WHAT YOU SHOULD DO: An exact reproduction of the records is required, with all pictures omitted.

☆ ☆ ☆ ☆ ☆

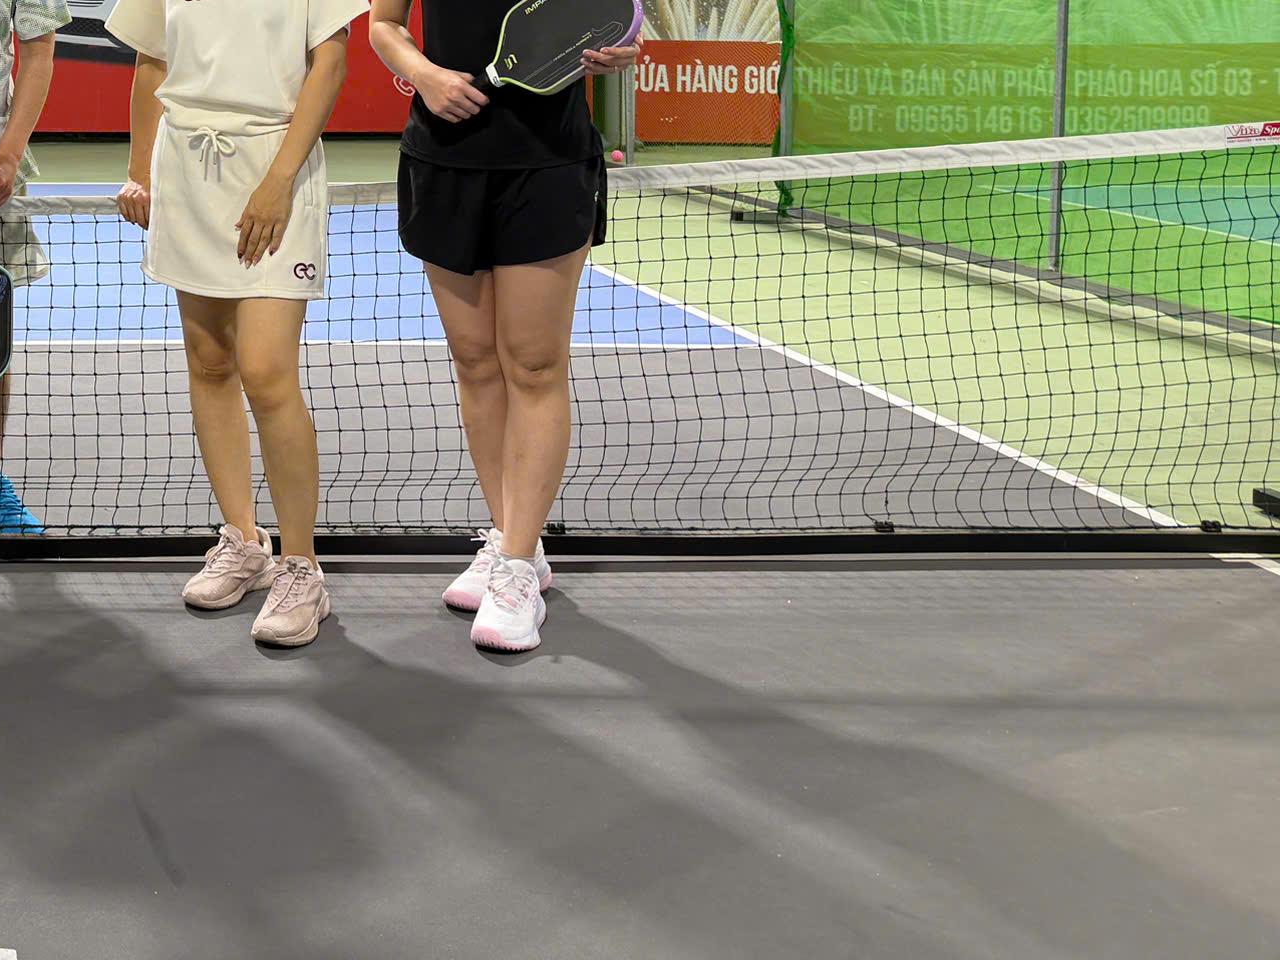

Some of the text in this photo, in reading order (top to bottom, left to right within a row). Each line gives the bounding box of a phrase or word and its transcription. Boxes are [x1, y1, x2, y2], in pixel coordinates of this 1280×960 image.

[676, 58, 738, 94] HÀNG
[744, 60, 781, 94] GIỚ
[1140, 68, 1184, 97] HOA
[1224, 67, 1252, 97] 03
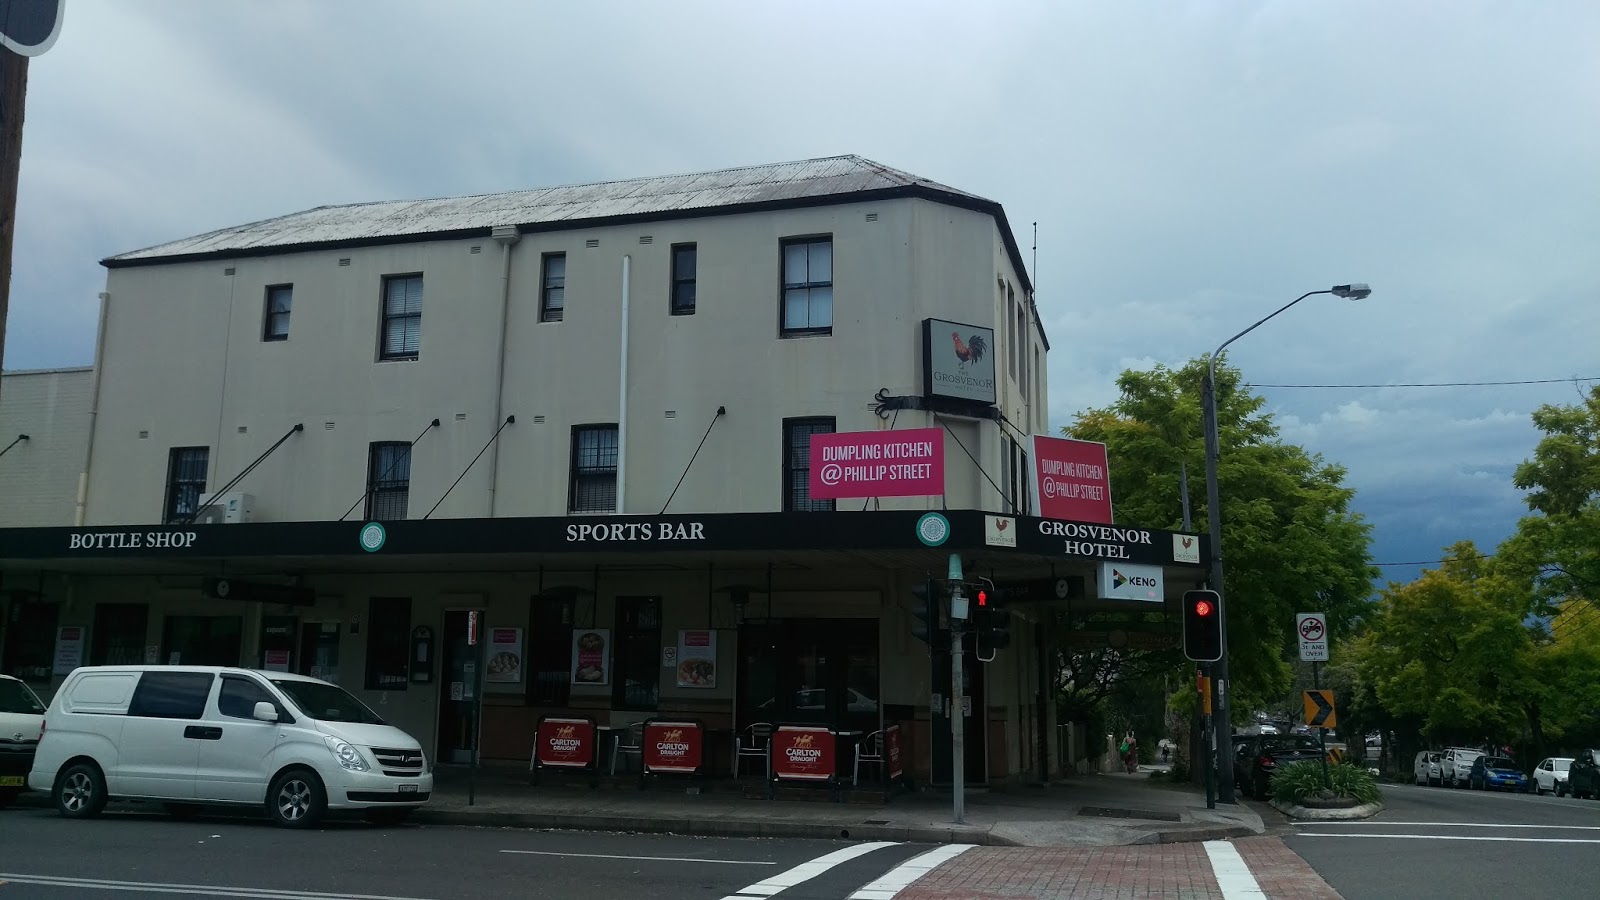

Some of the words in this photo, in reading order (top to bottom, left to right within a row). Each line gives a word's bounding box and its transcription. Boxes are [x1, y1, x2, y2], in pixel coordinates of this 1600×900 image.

☆ ☆ ☆ ☆ ☆

RESPONSE FOR THIS EXERCISE:
Some of the text in this photo, in reading order (top to bottom, left to right within a row). Each line gives the bounding box of a phrase or word and its transcription. Boxes are [x1, y1, x2, y2], in pixel coordinates of this 1280×960 image.

[676, 58, 738, 94] HÀNG
[744, 60, 781, 94] GIỚ
[1140, 68, 1184, 97] HOA
[1224, 67, 1252, 97] 03

Some of the words in this photo, in reading order (top to bottom, left to right within a row). Each line gives a word's bounding box and its transcription. Boxes are [x1, y1, x2, y2], in pixel coordinates of this 1600×900 image.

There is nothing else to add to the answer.